Pension reform – finally?

John Diaz, San Francisco Chronicle, Jan. 30, 2011

Until very recently, all but a few lonely politicians had one of three reactions to the topic of pension reform: glazed eyes, denial or lip service. But that was before the revelations that top dogs in tiny working-class Bell were pillaging the town treasury for their personal gain, before 36 University of California executives threatened legal action to prevent the state from calculating their pension on a $245,000 limit instead of their actual stratospheric salaries and before the governor’s new budget asked Californians to brace for deeper budget cuts and an extension of temporary taxes.

I get the sense that a long-festering issue has found its moment.

California legislators are practically tripping over themselves to introduce measures to rein in pension costs. Assemblyman Jerry Hill, D-San Mateo, to cite one example, has introduced AB89 to limit state pensions for future workers to the federal cap of $195,000.

He acknowledged that most reform proposals, including his, are “doing things around the edges” of a growing burden on the state treasury.

Sen. Mimi Walters, a Laguna Niguel Republican who ran for state treasurer last year, is preparing a package of bills that would replace a defined-benefit pension with a 401(k) plan for state workers.

…Therein may lie the road map for compromise between Gov.
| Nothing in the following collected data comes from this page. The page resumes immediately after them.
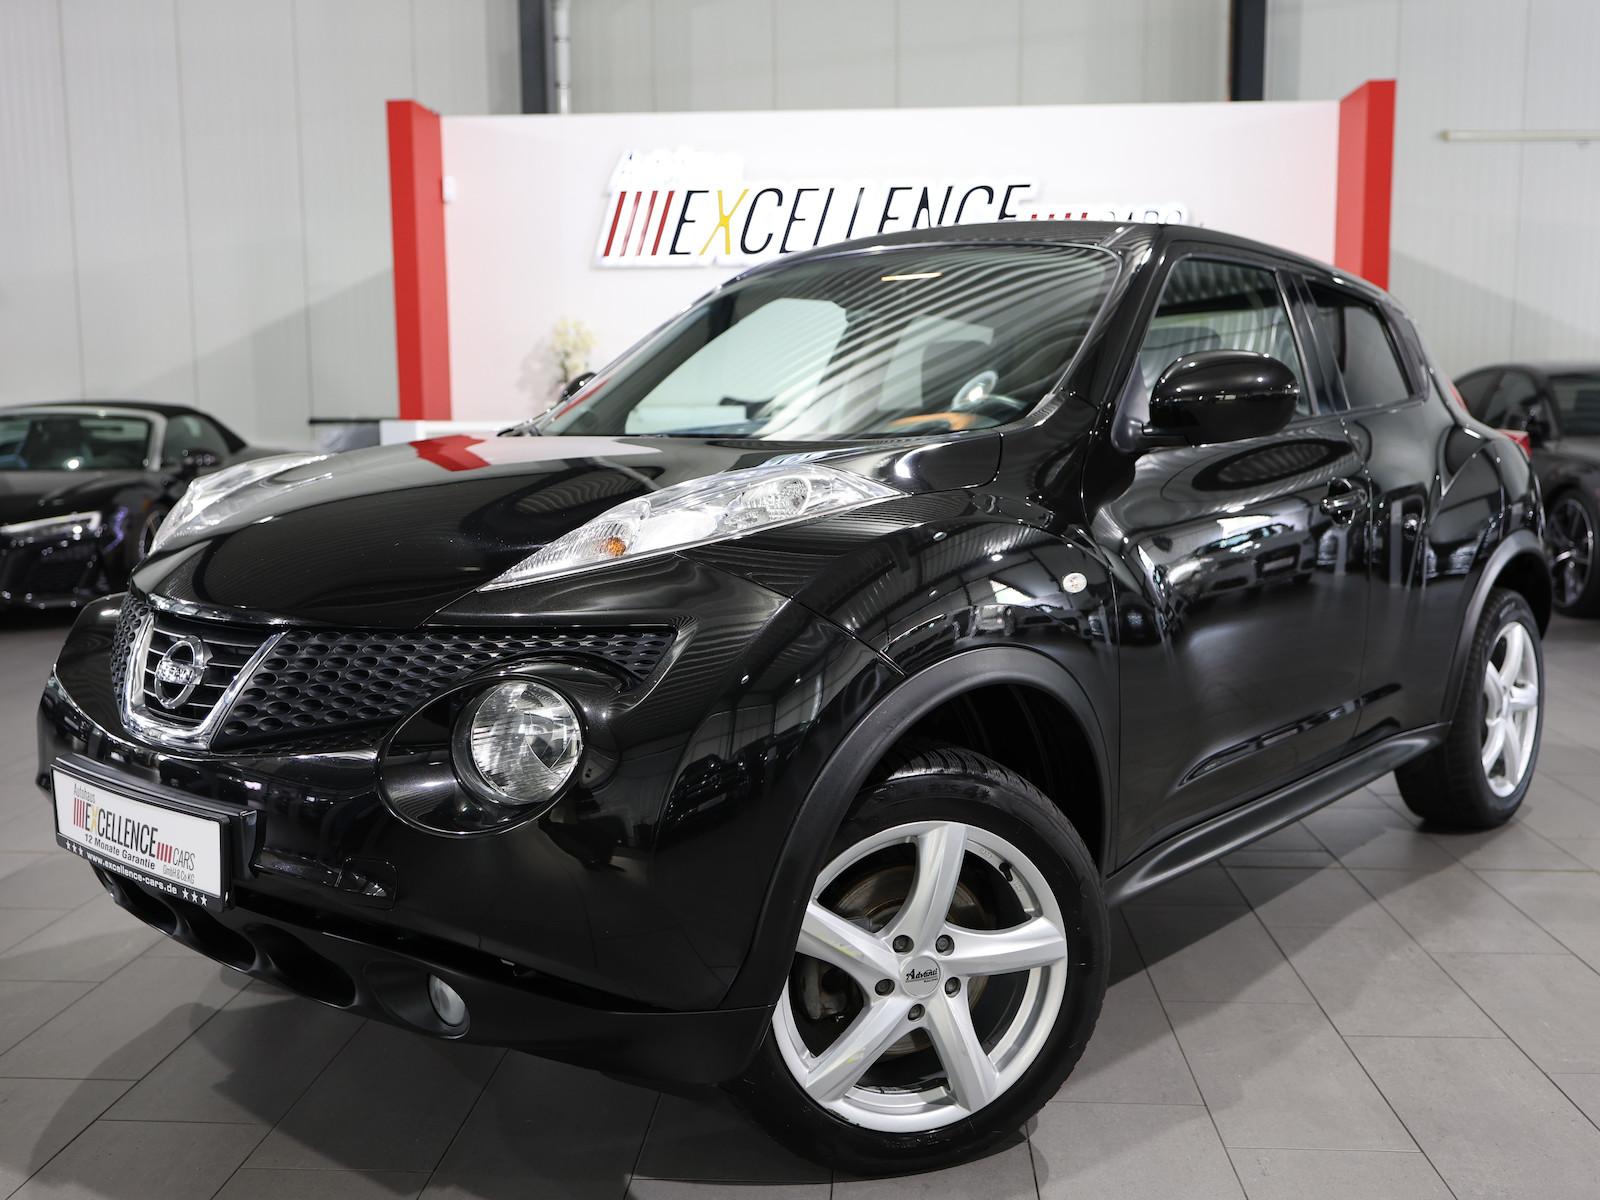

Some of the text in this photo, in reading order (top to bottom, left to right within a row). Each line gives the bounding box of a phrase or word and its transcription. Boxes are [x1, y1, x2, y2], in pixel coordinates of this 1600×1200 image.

[669, 184, 1031, 255] EXCELLENCE
[85, 802, 196, 871] EXCELLENCE CARS
[85, 833, 156, 870] 12 Monate Garantie
[86, 851, 178, 896] www.excellence-cars.de
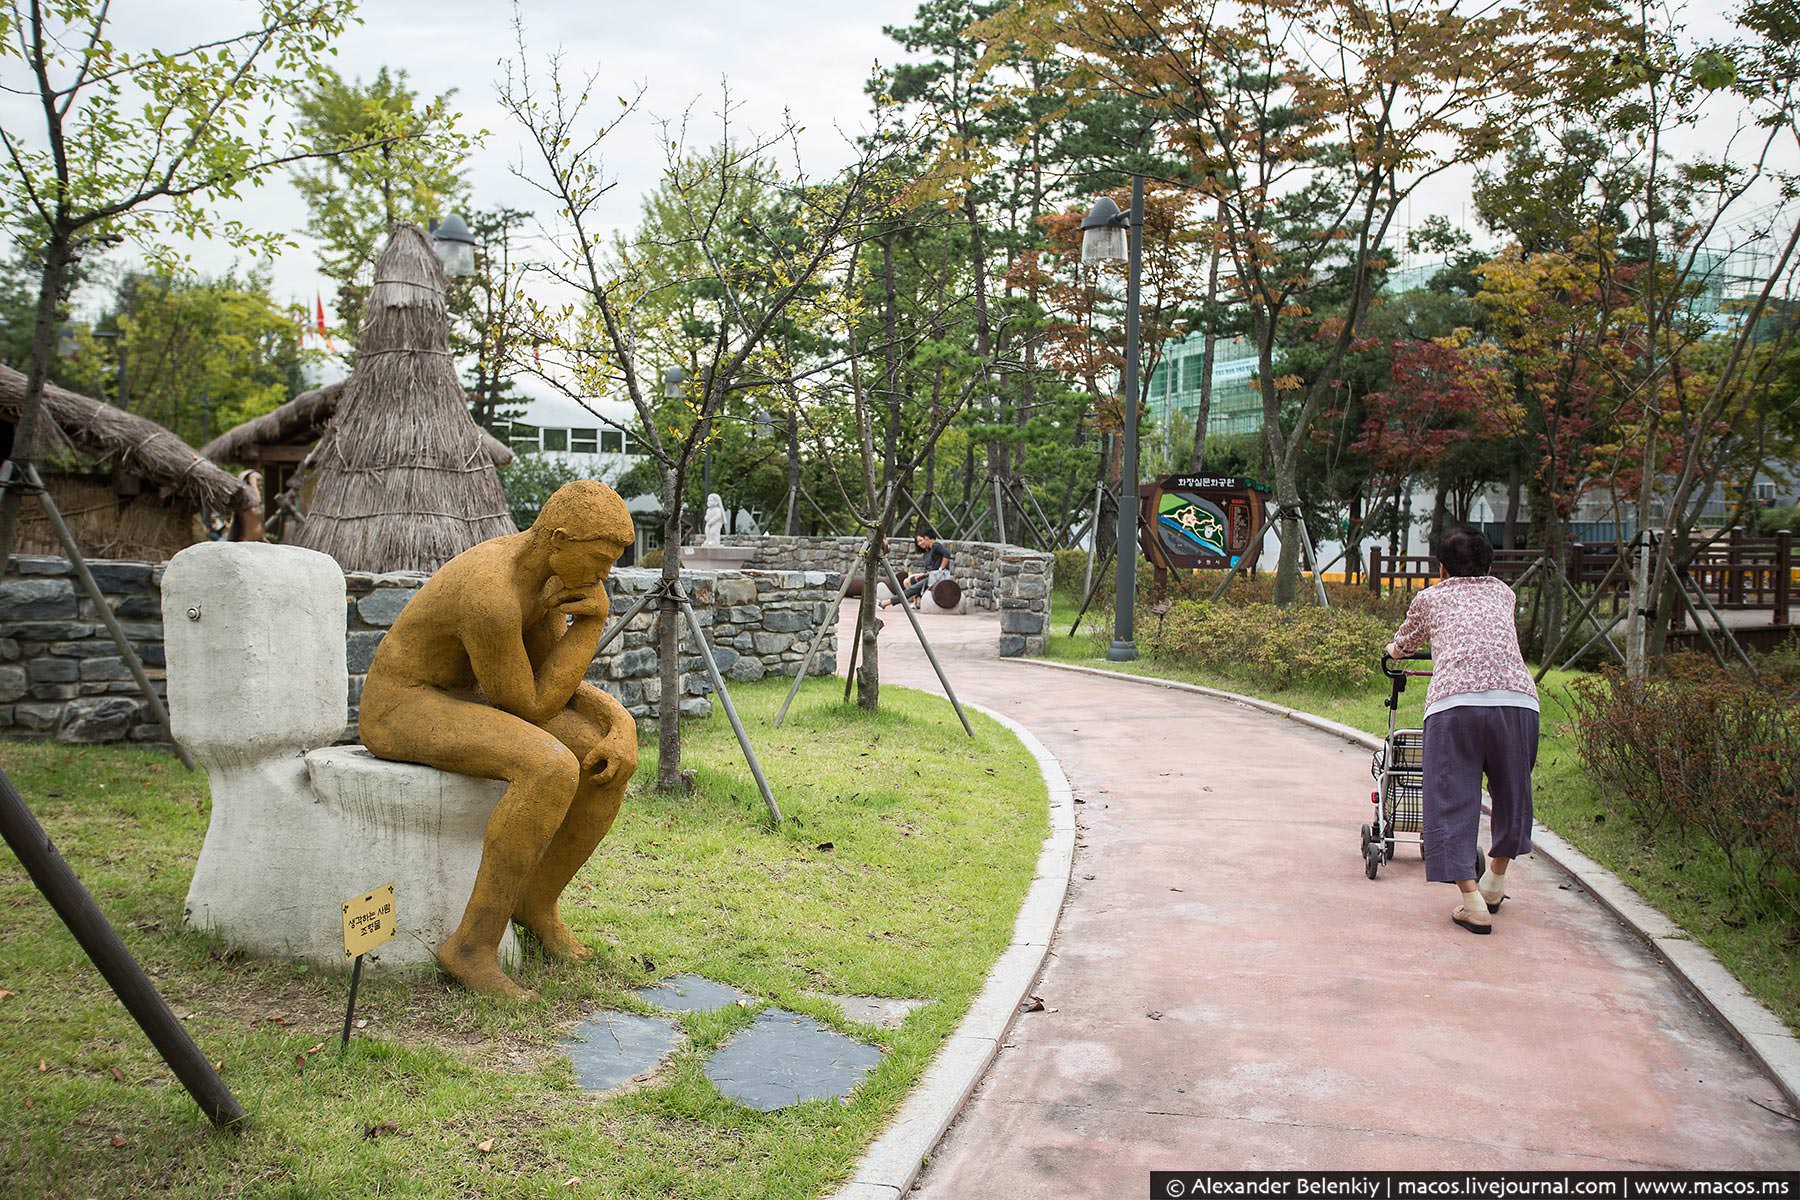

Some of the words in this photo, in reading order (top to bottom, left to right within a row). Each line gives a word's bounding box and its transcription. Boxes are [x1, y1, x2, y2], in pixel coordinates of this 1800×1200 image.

Jerry Brown – who wants voters to approve about $12 billion in tax extensions on income, sales and vehicle licenses – and Senate and Assembly Republicans who would need to deliver at least a few votes to put those taxes on the ballot. Brown gets his tax extensions, avoiding far more draconian cuts to state programs; Republicans get reforms that otherwise would never emerge from a Democratic-controlled Legislature with deep ties to state-employee unions.

…Significant reforms are going to require increasing contributions for future employees and scaling back their retirement benefits. Everyone agrees that the benefits of current retirees cannot be touched, as both a moral and legal matter. But there is an open question about whether a state or local government in dire fiscal circumstances can alter agreements with existing employees. A Sacramento group called California Pension Reform is preparing an initiative that would freeze current employees’ retirement calculations – their credits for years of service and salary – when pension funds drop below 80 percent of the level to meet future obligations. Such a measure would certainly draw a lawsuit if it were to pass – but do public employee unions really want to take their chances at the ballot box and in court?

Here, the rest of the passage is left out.